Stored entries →

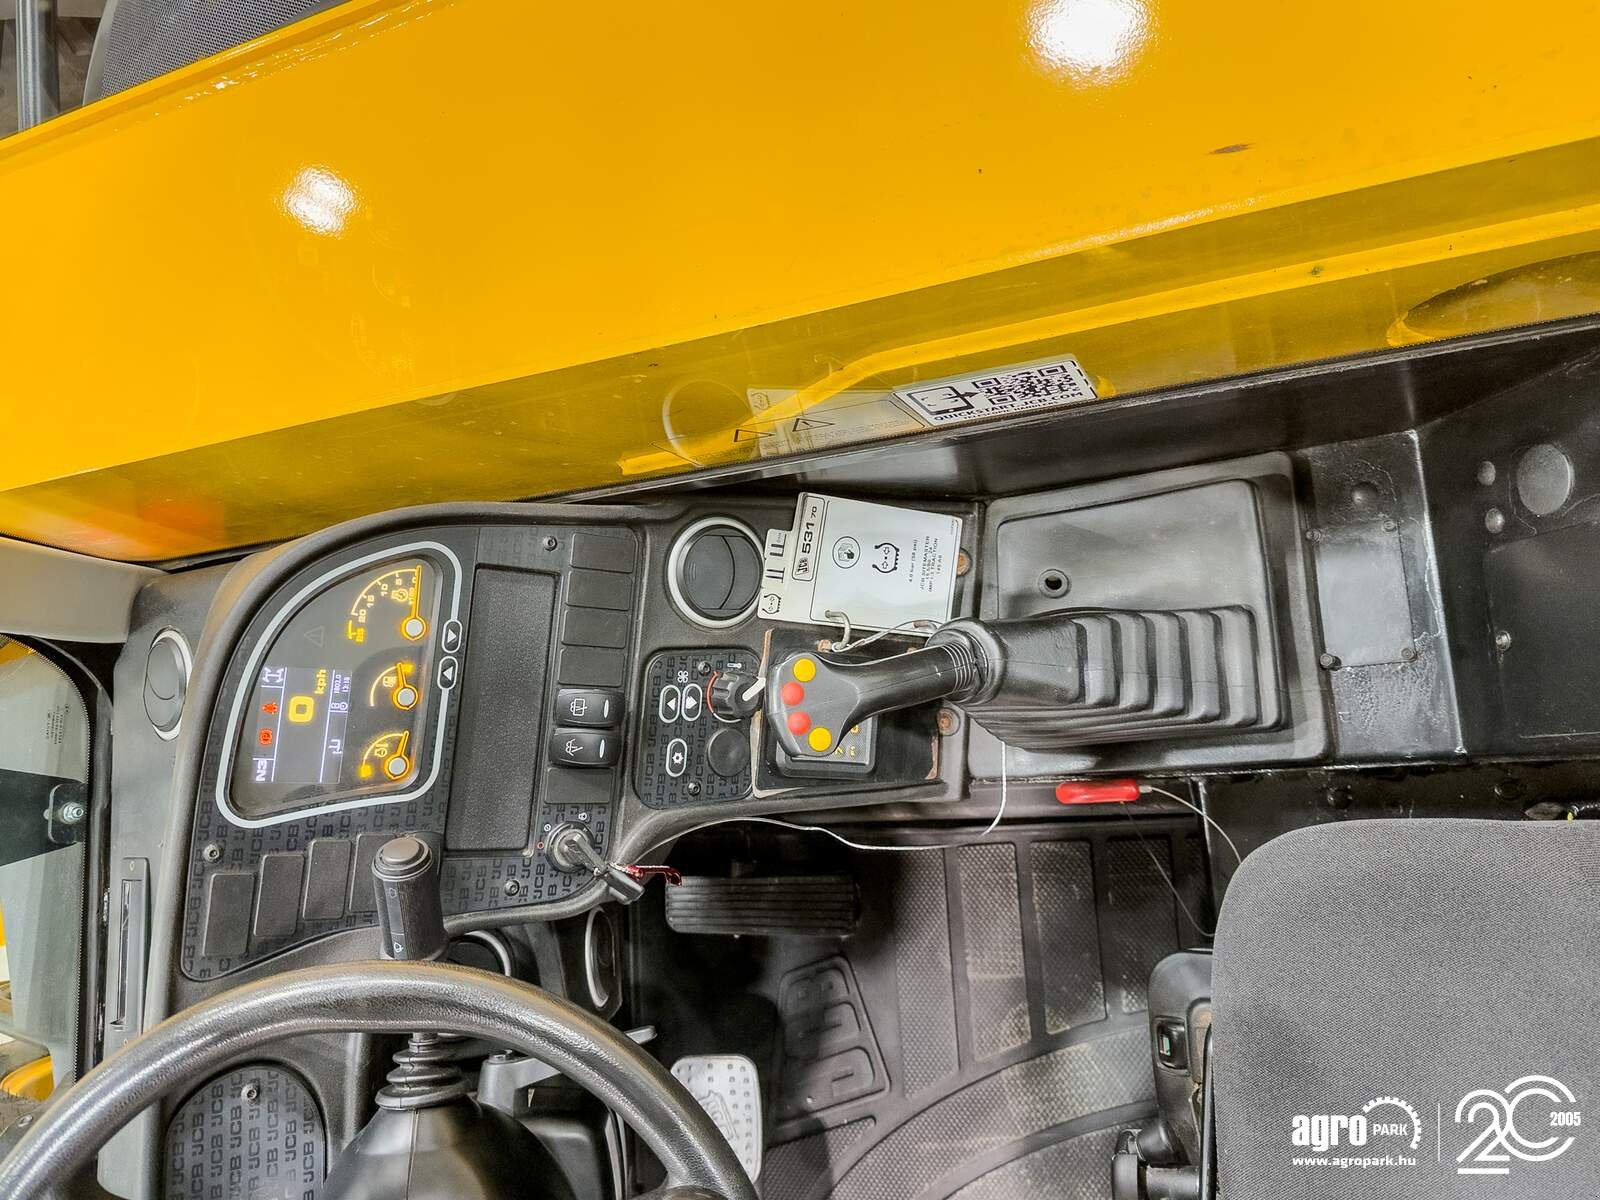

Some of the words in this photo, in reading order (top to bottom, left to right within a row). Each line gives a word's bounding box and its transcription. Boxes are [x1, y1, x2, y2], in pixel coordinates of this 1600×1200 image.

[933, 390, 1084, 422] QUICKSTART.JCB.COM
[810, 506, 817, 519] 70
[801, 520, 814, 554] 531
[797, 558, 809, 573] JCB
[921, 536, 930, 576] SITEMASTER
[380, 583, 388, 597] 10
[395, 578, 402, 586] 5
[358, 609, 367, 623] 20
[366, 595, 375, 608] 15
[314, 668, 327, 695] kph
[287, 695, 314, 723] 0
[255, 759, 268, 782] N3
[533, 863, 546, 900] JCB
[211, 1083, 224, 1128] JCB
[266, 1099, 279, 1142] JCB
[191, 1111, 205, 1157] JCB
[230, 1105, 242, 1149] JCB
[284, 1119, 297, 1162] JCB
[210, 1134, 223, 1178] JCB
[249, 1126, 261, 1170] JCB
[302, 1140, 315, 1183] JCB
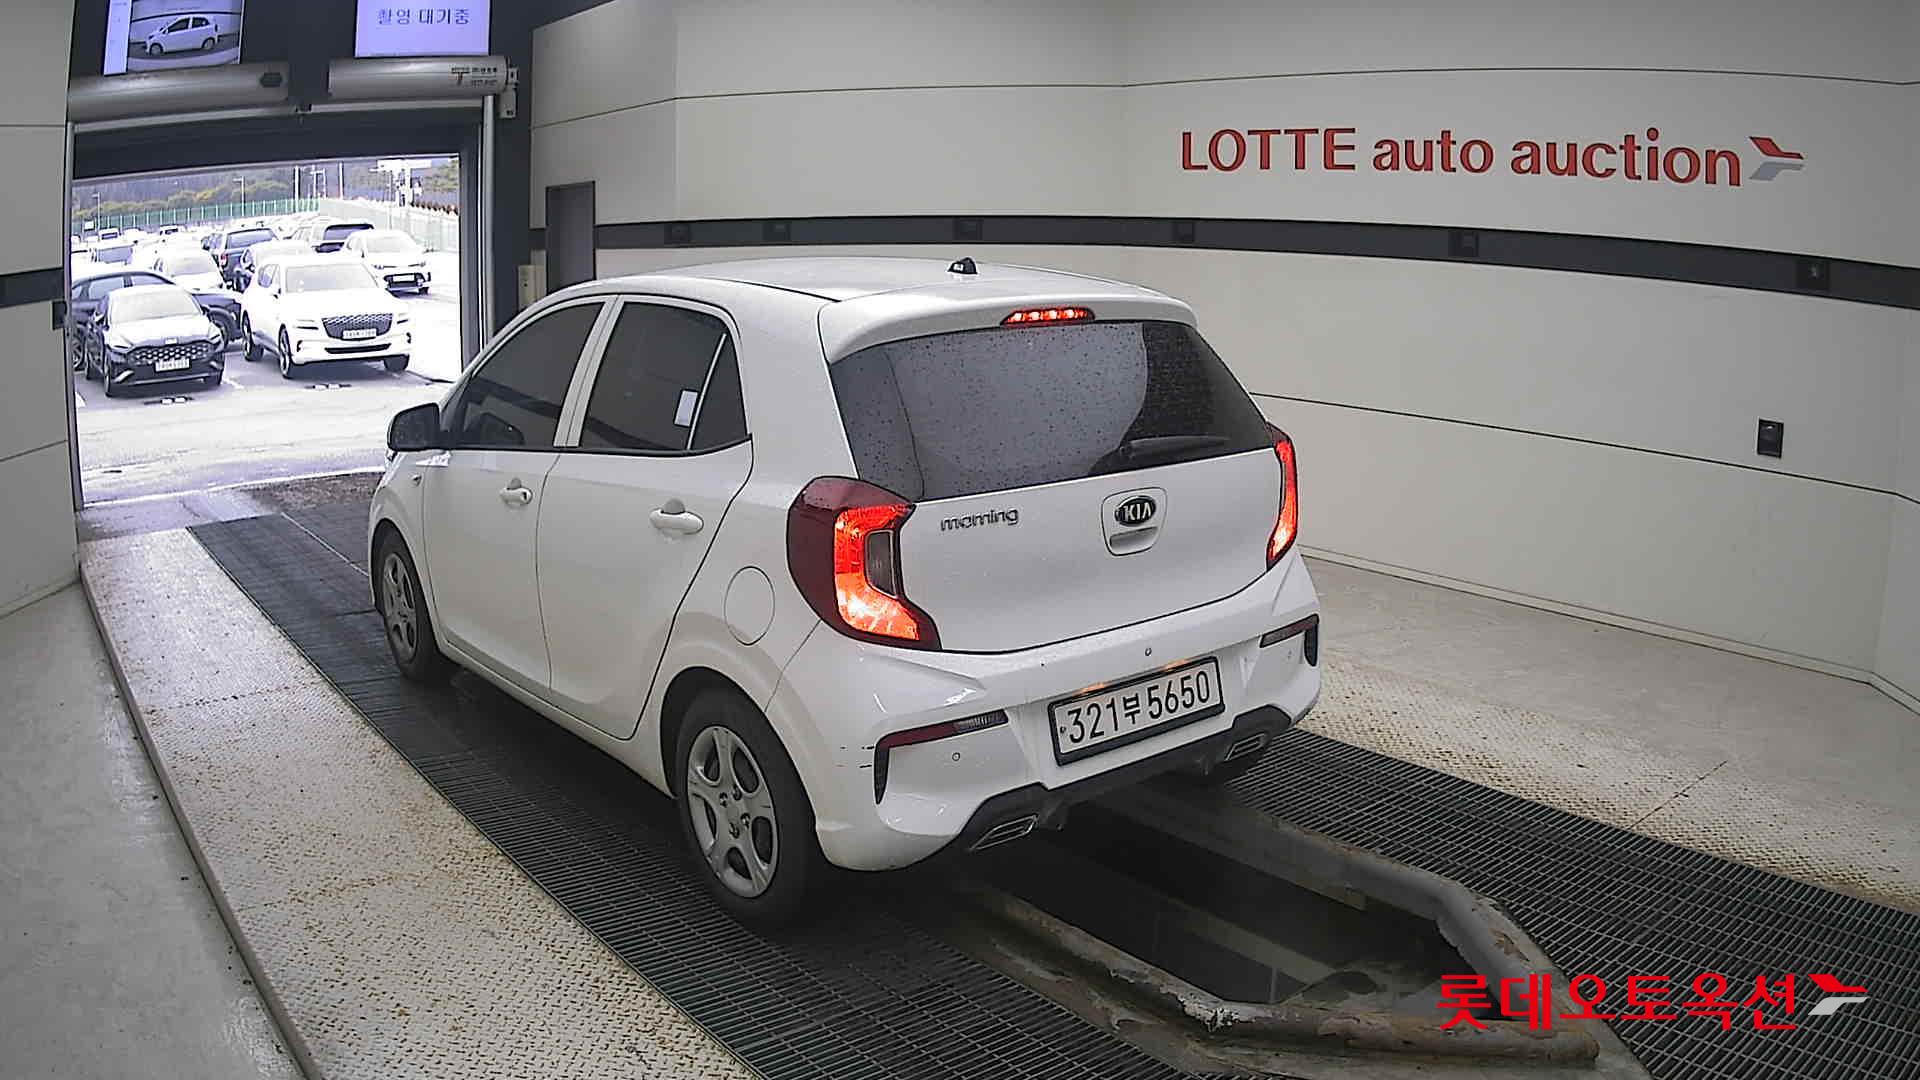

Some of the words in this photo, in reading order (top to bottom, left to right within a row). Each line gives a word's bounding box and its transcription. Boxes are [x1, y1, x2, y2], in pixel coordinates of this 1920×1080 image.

[419, 8, 470, 25] 대기중
[1182, 127, 1357, 171] LOTTE
[1372, 130, 1495, 172] auto
[1511, 127, 1742, 186] auction
[940, 508, 1019, 532] morning
[1122, 500, 1153, 523] KIA

PROBLEM TO WORK ON →
Set down the entries again without change. Leave the pictures out.

WORKED SOLUTION →
Some of the words in this photo, in reading order (top to bottom, left to right within a row). Each line gives a word's bounding box and its transcription. Boxes are [x1, y1, x2, y2], in pixel coordinates of this 1600×1200 image.

[933, 390, 1084, 422] QUICKSTART.JCB.COM
[810, 506, 817, 519] 70
[801, 520, 814, 554] 531
[797, 558, 809, 573] JCB
[921, 536, 930, 576] SITEMASTER
[380, 583, 388, 597] 10
[395, 578, 402, 586] 5
[358, 609, 367, 623] 20
[366, 595, 375, 608] 15
[314, 668, 327, 695] kph
[287, 695, 314, 723] 0
[255, 759, 268, 782] N3
[533, 863, 546, 900] JCB
[211, 1083, 224, 1128] JCB
[266, 1099, 279, 1142] JCB
[191, 1111, 205, 1157] JCB
[230, 1105, 242, 1149] JCB
[284, 1119, 297, 1162] JCB
[210, 1134, 223, 1178] JCB
[249, 1126, 261, 1170] JCB
[302, 1140, 315, 1183] JCB

Some of the words in this photo, in reading order (top to bottom, left to right within a row). Each line gives a word's bounding box and its transcription. Boxes are [x1, y1, x2, y2], in pixel coordinates of this 1920×1080 image.

[419, 8, 470, 25] 대기중
[1182, 127, 1357, 171] LOTTE
[1372, 130, 1495, 172] auto
[1511, 127, 1742, 186] auction
[940, 508, 1019, 532] morning
[1122, 500, 1153, 523] KIA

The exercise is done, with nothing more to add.